Por Luis Ramón López
MOCA, Espaillat.-La ciudad de Moca, una vez conocida por su alegría vibrante y su ambiente festivo, se enfrenta a una dura realidad: los fines de semana, su casco urbano se ha transformado en «una ciudad muerta», donde la actividad social parece haber desaparecido.
Este fenómeno ha llevado a que los sábados y domingos, Moca se asemeja más a un pueblo del Viejo Oeste, que a una próspera ciudad, como lo es el municipio de Moca, una villa llena de encantos y atractivos turísticos que mostrar.

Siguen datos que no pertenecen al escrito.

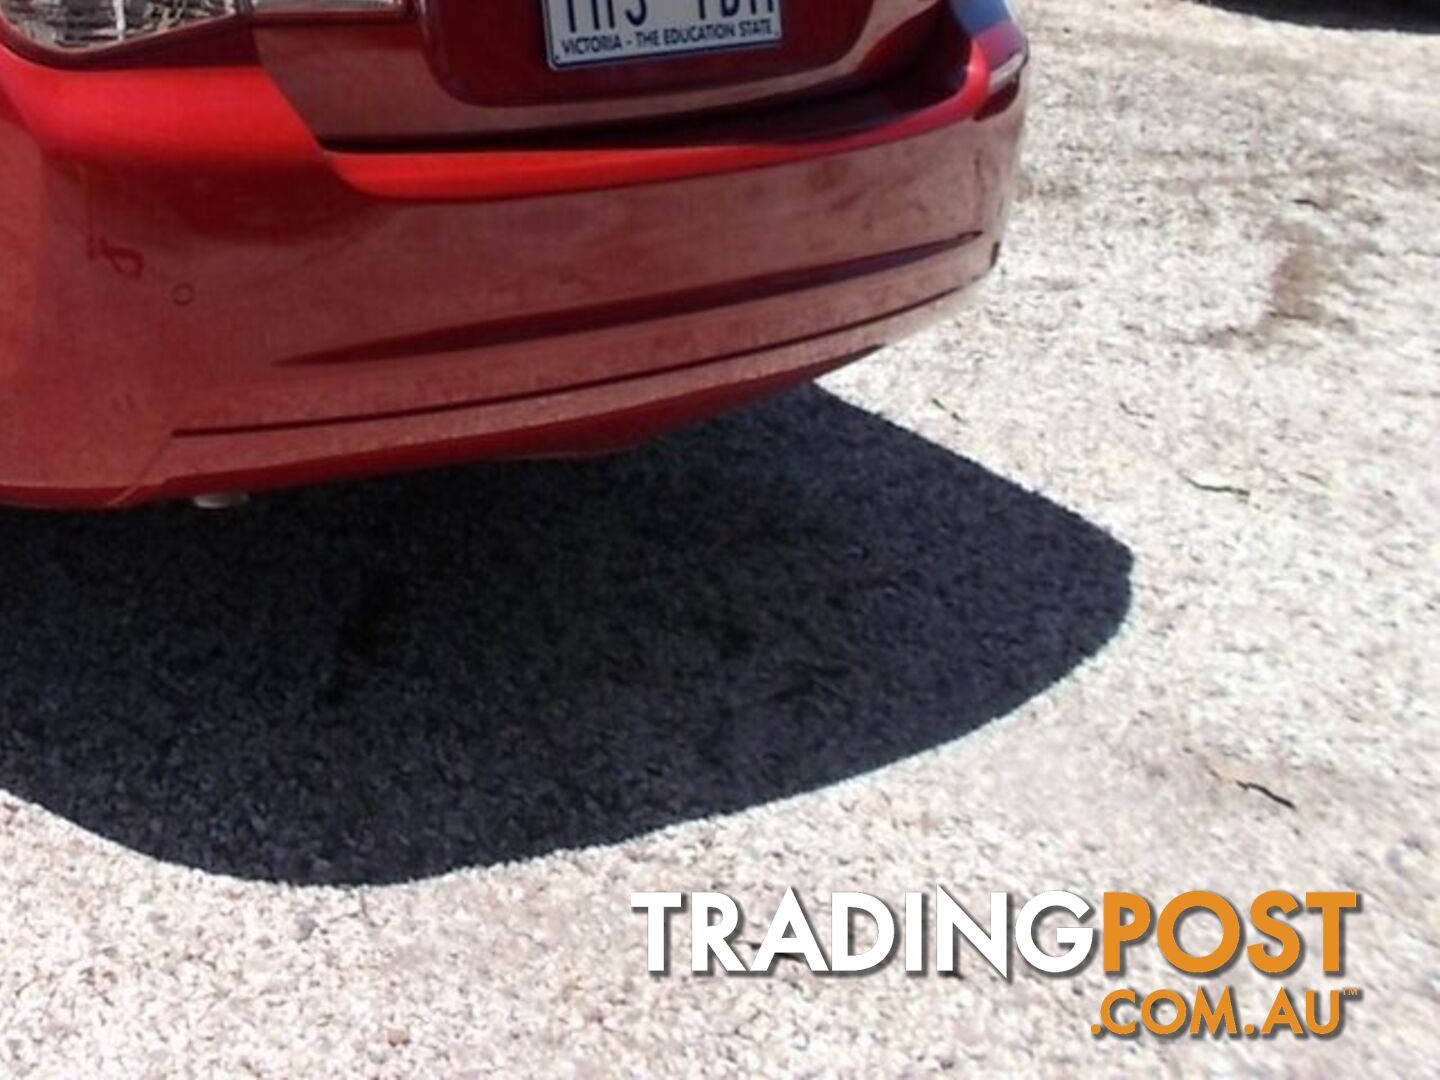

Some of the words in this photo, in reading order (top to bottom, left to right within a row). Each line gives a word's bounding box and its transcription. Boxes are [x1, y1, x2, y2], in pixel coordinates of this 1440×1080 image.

[561, 34, 623, 56] VICTORIA
[635, 30, 660, 47] THE
[663, 21, 736, 46] EDUCATION
[738, 18, 773, 39] STATE

Históricamente, Moca ha sido un lugar donde los mocanos disfrutaban de tardes y noches llenas de vida, compartiendo momentos con familiares y amigos. Las plazas y calles estaban llenas de risas, música y actividades culturales. Sin embargo, en los últimos años, esta vibrante cultura ha ido desvaneciéndose, dejando a la ciudad en un estado de abandono y desolación social y cultural.
Hoy en día, muchos residentes sienten que Moca ha caído en el olvido. La falta de actividades recreativas y eventos culturales ha contribuido a esta sensación de vacío. Los fines de semana, las calles están desiertas, y los pocos que se aventuran afuera lo hacen con un aire de resignación. La falta de iniciativas por parte de las autoridades para fomentar el entretenimiento y la convivencia ha llevado a que los mocanos se sientan desconectados de su comunidad.
SE NECESITA LA ACCIÓN
Es urgente que se tomen medidas para devolverle a Moca su esplendor. La Villa Heroica, necesita recuperar su dulzura y alegría vibrante. Para lograrlo, es esencial fomentar espacios donde las familias puedan reunirse, disfrutar de actividades recreativas y culturales para compartir momentos significativos y populares.
Las autoridades locales, junto con los ciudadanos, los sectores productivos y comerciales, deben trabajar en conjunto para revitalizar la ciudad, con la organización de eventos culturales, donde se fomenten festivales, ferias y actividades artísticas que atraigan a las familias y promuevan el talento local.
Trabajar en la mejora de espacios públicos, renovando los parques y plazas para hacerlos más atractivos y seguros para el disfrute de toda la familia y también promoviendo el comercio local, Incentivando a los negocios locales a participar en eventos comunitarios para reactivar la economía local.
El llamado es claro: Moca debe volver a ser un lugar donde el calor humano sea palpable. Los mocanos deben poder caminar por sus calles, disfrutar del tiempo con sus seres queridos y participar en encuentros sanos que fomenten la convivencia pacífica y sana.
Es hora de que todos los sectores, gobierno, empresas y ciudadanos, se unan para revivir la esencia de Moca, de ese Moca del ayer. Juntos podemos transformar esta ciudad en un lugar donde la alegría y el entretenimiento sean parte del día a día.
Moca tiene el potencial para recuperar su lugar como una ciudad vibrante y alegre. A través del esfuerzo conjunto y el compromiso comunitario, podemos devolverle a nuestra ciudad el esplendor que merece. Es momento de actuar para que Moca vuelva a ser un hogar lleno de vida, risas y momentos compartidos.
El turismo, tiene que ser promovido como parte de esa estrategia. Moca, lo tiene todo, pero las autoridades locales, no lo ven ni lo han tomado como una estrategia de desarrollo. Los visitantes solo llevan a la ciudad, a disfrutar de una parte de nuestra gastronomía: el mofongo, olvidando que la ciudad tiene otros atractivos turísticos, culturales y patrimoniales.